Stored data
··········
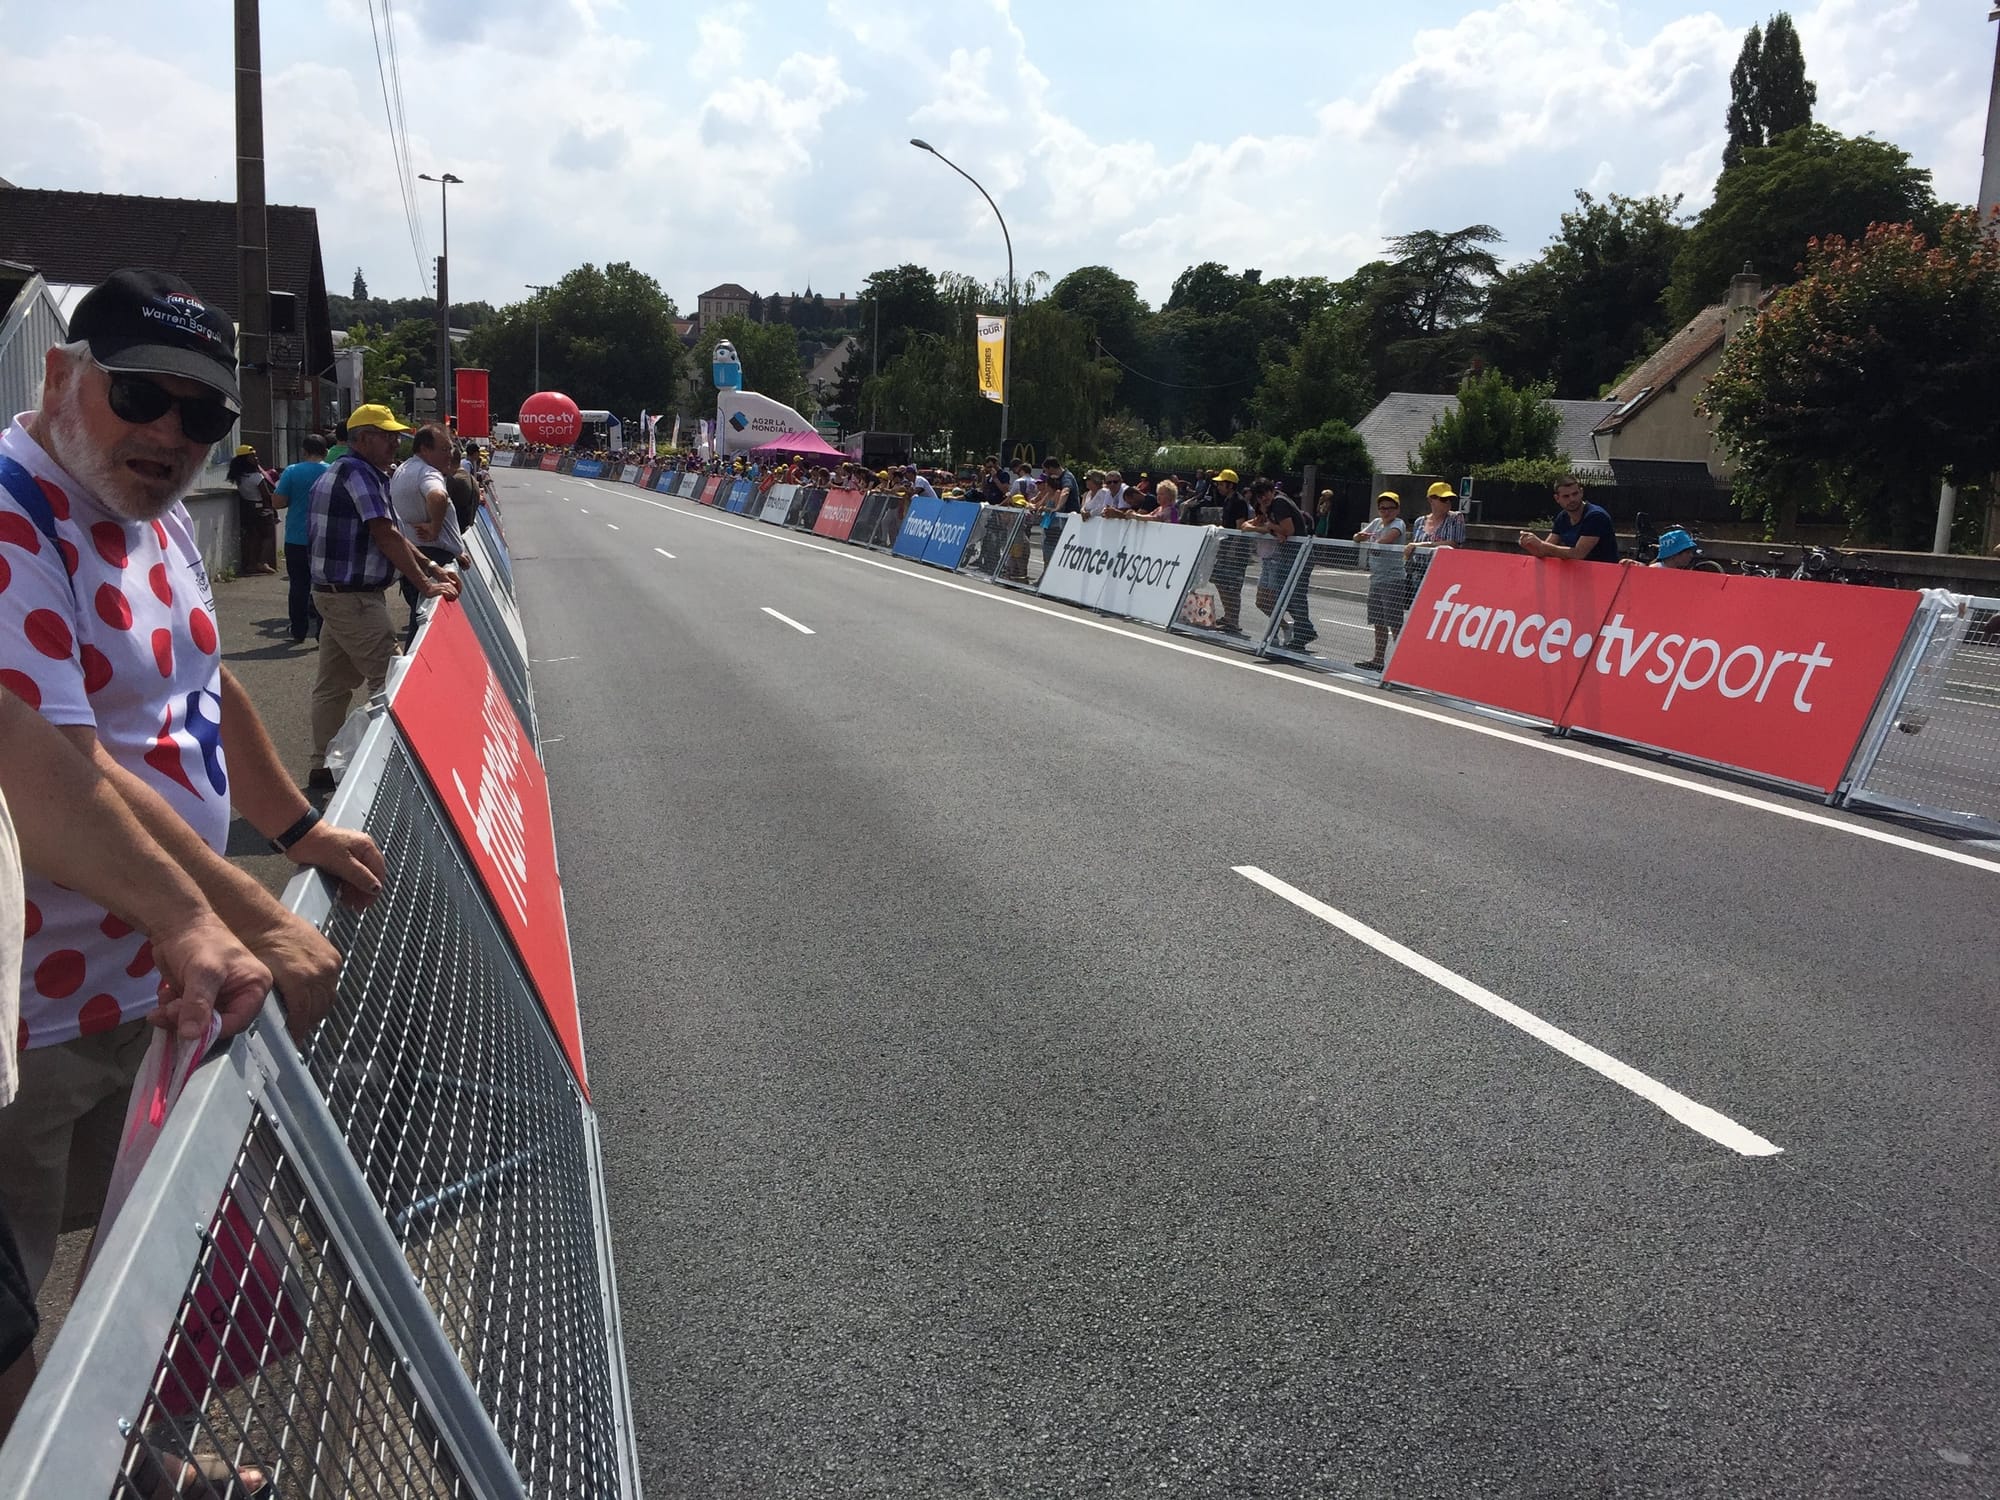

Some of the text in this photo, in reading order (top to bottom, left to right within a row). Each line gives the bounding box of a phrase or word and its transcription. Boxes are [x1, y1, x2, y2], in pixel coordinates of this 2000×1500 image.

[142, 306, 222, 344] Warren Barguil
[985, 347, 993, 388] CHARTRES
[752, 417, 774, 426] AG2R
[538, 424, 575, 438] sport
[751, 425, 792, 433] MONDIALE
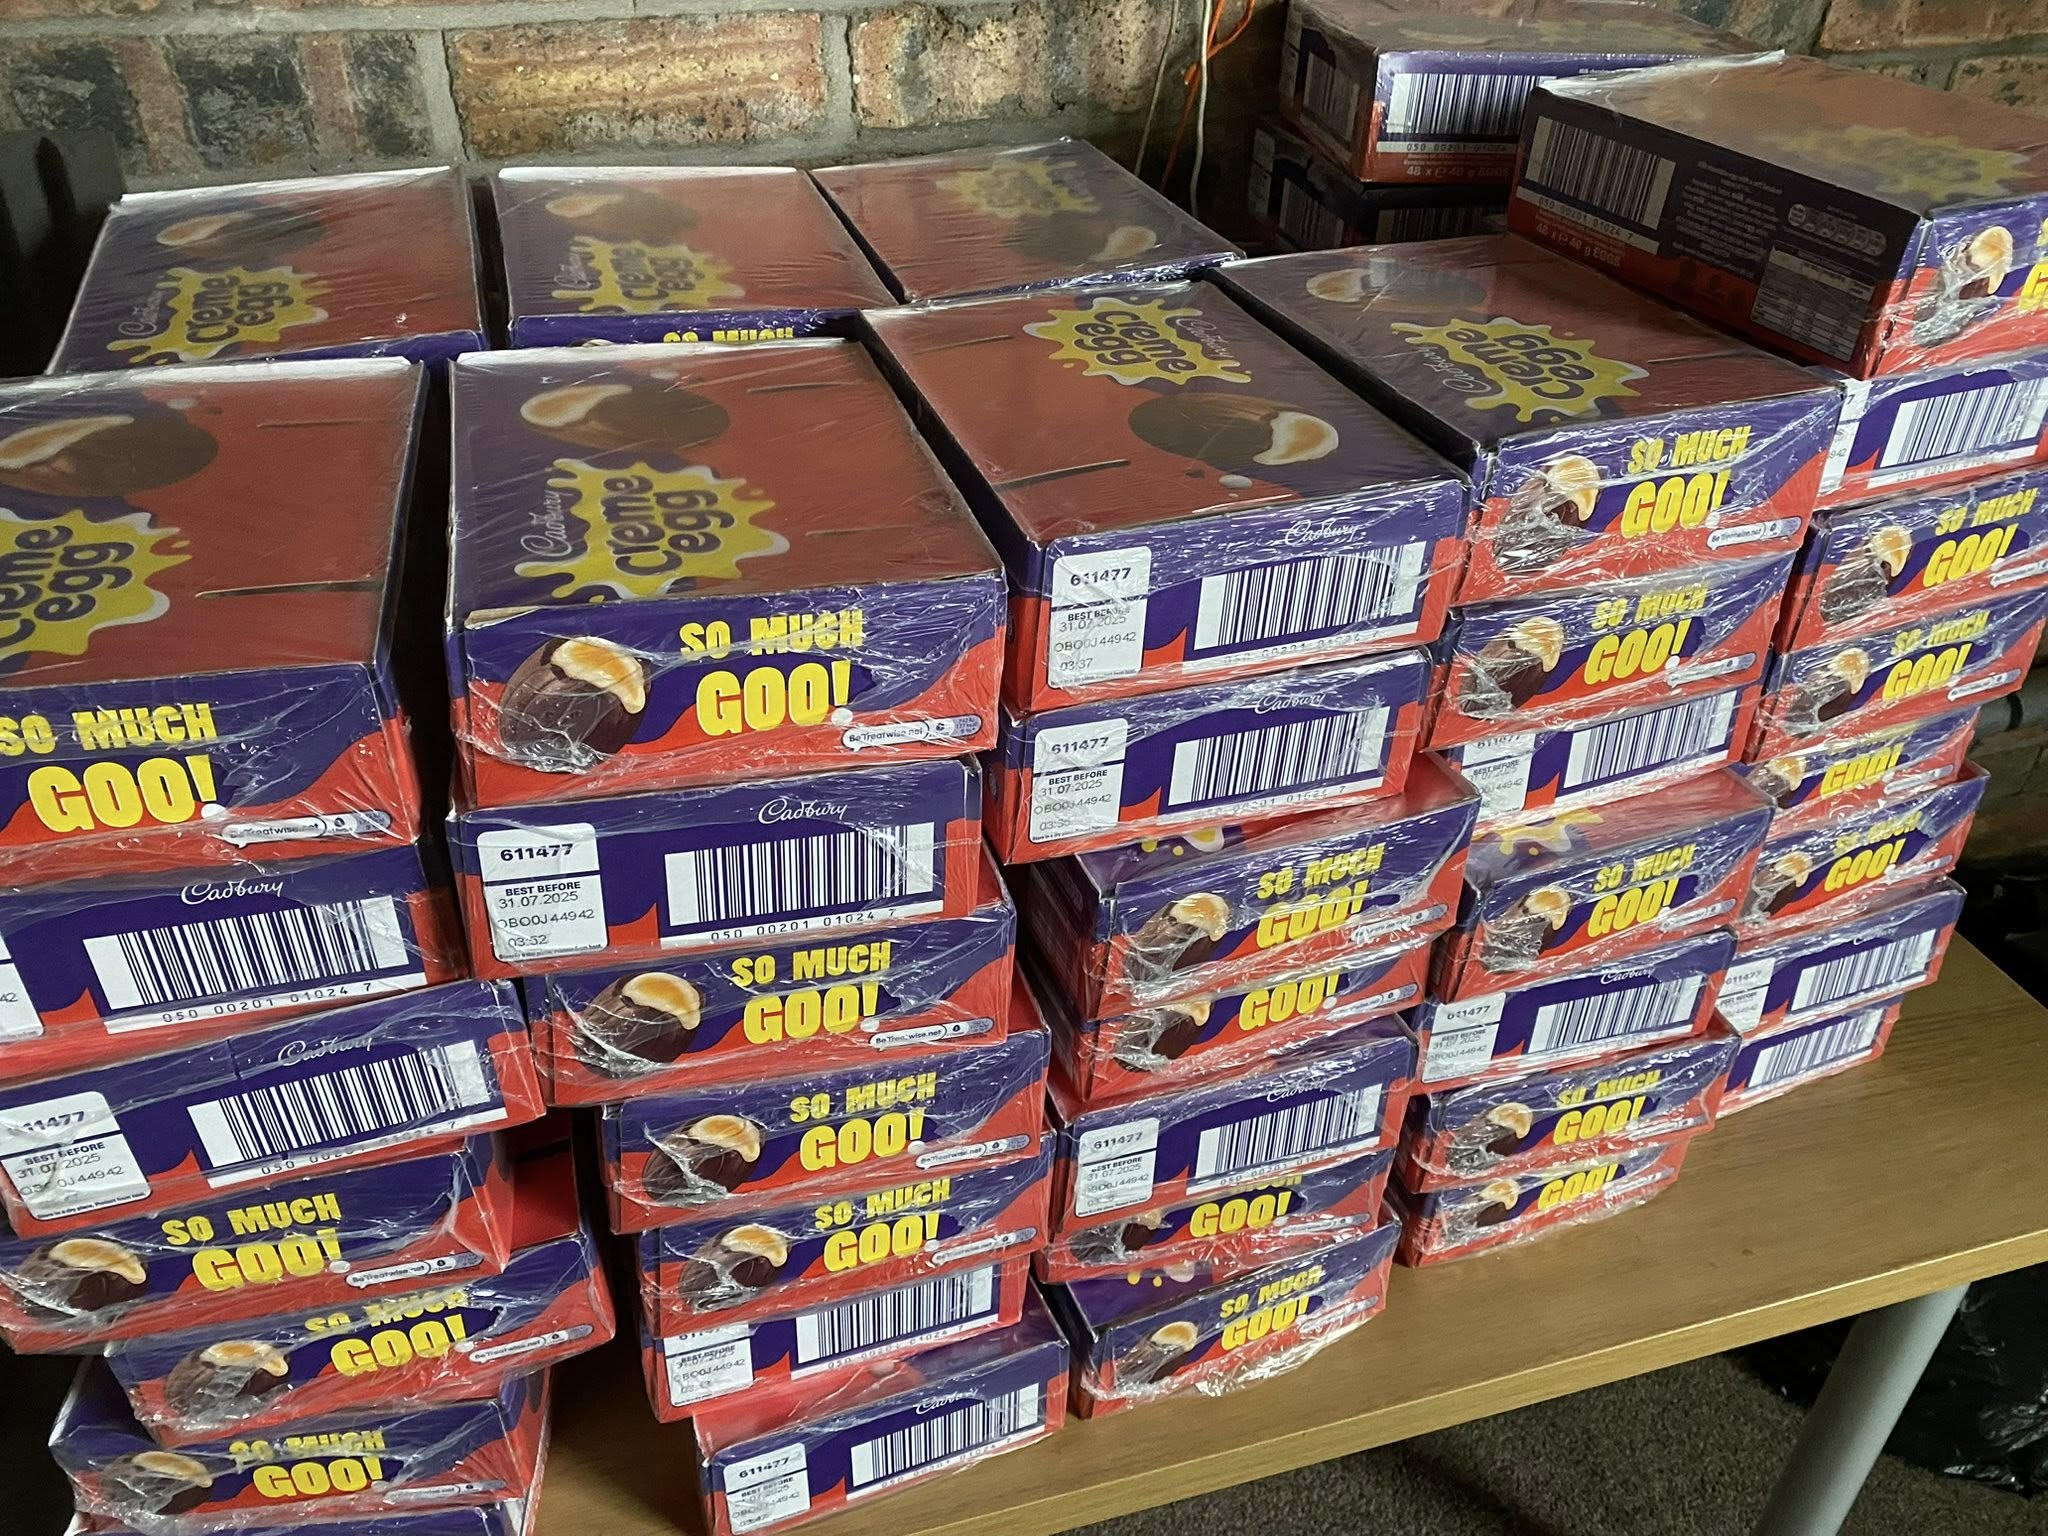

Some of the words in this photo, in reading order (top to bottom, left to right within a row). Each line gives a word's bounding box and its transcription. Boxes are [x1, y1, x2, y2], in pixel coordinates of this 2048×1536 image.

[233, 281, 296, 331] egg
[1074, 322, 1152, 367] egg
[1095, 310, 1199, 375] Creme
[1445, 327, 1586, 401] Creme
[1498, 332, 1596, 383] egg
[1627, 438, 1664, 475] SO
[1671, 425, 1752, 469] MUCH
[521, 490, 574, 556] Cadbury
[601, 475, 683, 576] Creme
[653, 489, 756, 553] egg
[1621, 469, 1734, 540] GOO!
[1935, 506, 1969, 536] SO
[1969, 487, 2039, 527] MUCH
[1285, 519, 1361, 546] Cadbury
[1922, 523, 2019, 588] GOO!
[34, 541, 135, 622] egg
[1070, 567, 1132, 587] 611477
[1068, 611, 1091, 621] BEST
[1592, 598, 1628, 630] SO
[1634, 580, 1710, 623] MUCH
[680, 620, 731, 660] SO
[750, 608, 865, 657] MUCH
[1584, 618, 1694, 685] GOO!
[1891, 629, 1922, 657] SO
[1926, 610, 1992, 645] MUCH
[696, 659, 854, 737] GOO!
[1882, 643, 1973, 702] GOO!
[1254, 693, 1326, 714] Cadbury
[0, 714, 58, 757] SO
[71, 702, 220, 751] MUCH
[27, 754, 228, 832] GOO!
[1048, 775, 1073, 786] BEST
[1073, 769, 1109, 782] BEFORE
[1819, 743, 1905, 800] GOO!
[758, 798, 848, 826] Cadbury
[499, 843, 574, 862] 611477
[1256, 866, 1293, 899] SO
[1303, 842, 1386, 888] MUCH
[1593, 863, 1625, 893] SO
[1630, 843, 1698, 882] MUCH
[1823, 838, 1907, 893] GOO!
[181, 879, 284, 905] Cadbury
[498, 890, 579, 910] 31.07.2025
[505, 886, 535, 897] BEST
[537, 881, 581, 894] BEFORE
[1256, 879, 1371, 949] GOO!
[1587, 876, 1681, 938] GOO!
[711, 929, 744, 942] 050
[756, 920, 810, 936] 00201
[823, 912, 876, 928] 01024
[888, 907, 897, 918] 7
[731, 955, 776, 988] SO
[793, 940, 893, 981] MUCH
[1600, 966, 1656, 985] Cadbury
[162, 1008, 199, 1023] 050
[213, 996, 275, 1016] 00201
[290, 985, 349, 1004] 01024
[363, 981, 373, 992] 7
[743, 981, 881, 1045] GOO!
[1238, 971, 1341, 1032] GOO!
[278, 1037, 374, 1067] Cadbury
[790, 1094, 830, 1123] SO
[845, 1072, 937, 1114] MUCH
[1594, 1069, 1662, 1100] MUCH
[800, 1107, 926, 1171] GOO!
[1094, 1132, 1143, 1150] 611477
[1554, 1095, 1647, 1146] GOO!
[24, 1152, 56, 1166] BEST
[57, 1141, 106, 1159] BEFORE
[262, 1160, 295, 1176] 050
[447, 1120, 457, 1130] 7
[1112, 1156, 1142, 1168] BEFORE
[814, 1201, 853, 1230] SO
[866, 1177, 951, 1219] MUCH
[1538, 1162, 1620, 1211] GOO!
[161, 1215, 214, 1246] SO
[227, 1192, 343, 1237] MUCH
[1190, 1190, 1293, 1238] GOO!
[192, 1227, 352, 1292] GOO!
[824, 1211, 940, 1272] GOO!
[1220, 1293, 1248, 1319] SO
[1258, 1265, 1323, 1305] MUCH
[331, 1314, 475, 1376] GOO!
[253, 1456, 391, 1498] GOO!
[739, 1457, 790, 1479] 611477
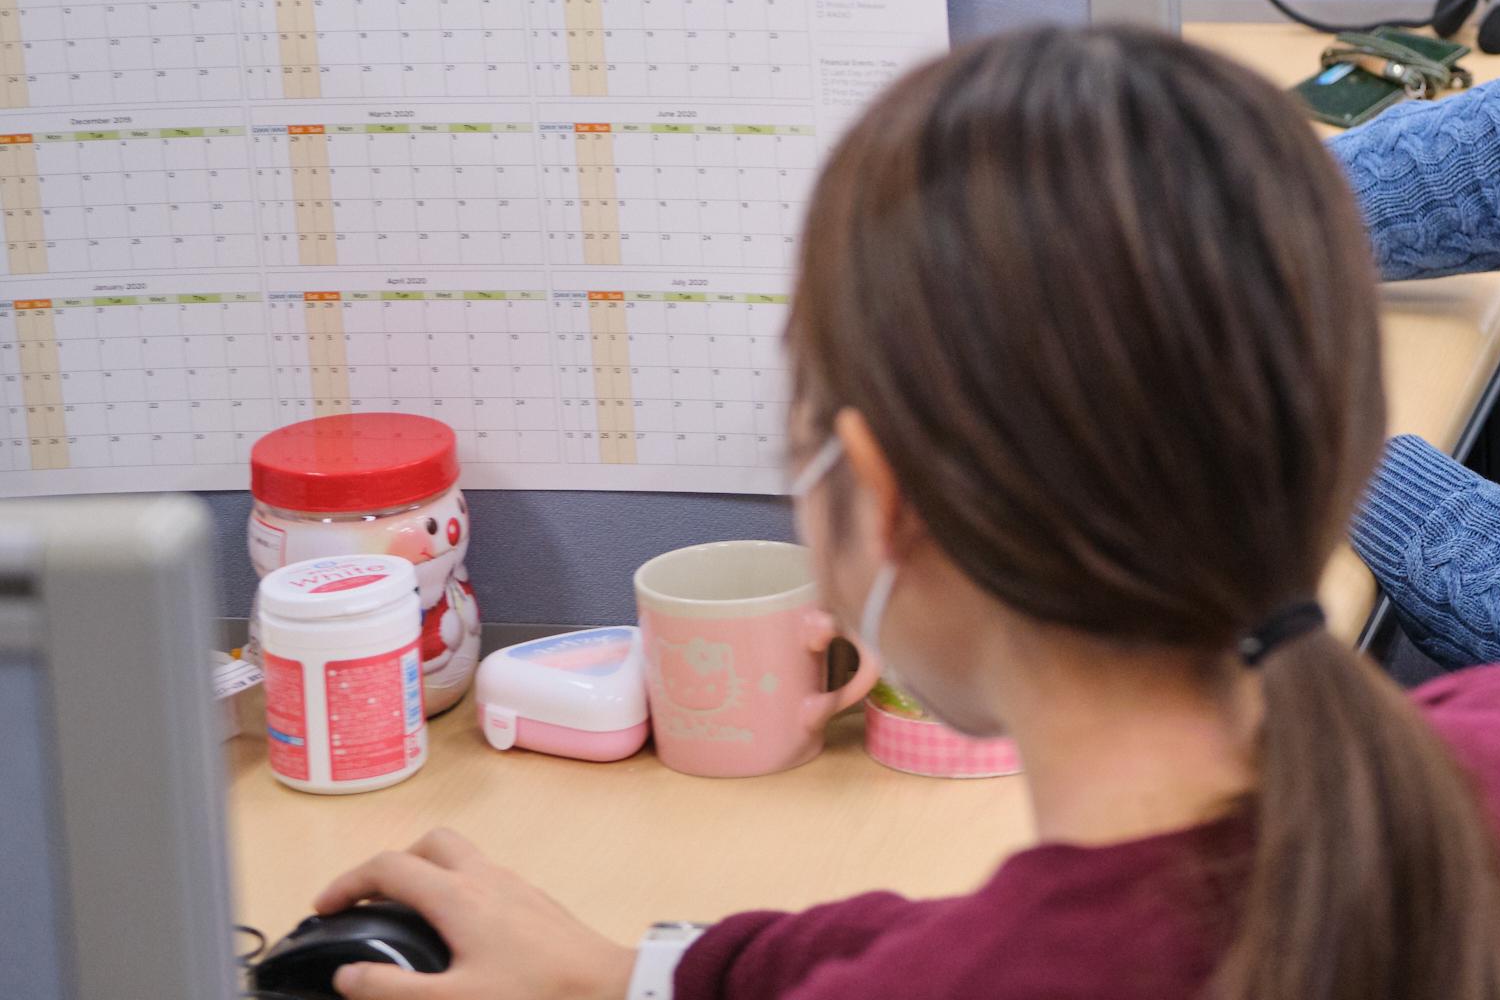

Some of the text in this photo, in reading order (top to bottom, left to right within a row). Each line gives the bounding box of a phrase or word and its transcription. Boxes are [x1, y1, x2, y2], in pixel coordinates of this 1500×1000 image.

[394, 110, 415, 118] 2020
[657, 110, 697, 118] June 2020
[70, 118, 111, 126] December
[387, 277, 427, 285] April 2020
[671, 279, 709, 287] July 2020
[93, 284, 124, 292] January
··········
▶ _YOUR ASSIGNMENT_: Retype exactly. Start at the line with "this 1500×1000 image." and stop at the last line of the data.

▶ _RESPONSE FOR THIS EXERCISE_:
Some of the text in this photo, in reading order (top to bottom, left to right within a row). Each line gives the bounding box of a phrase or word and its transcription. Boxes are [x1, y1, x2, y2], in pixel coordinates of this 1500×1000 image.

[394, 110, 415, 118] 2020
[657, 110, 697, 118] June 2020
[70, 118, 111, 126] December
[387, 277, 427, 285] April 2020
[671, 279, 709, 287] July 2020
[93, 284, 124, 292] January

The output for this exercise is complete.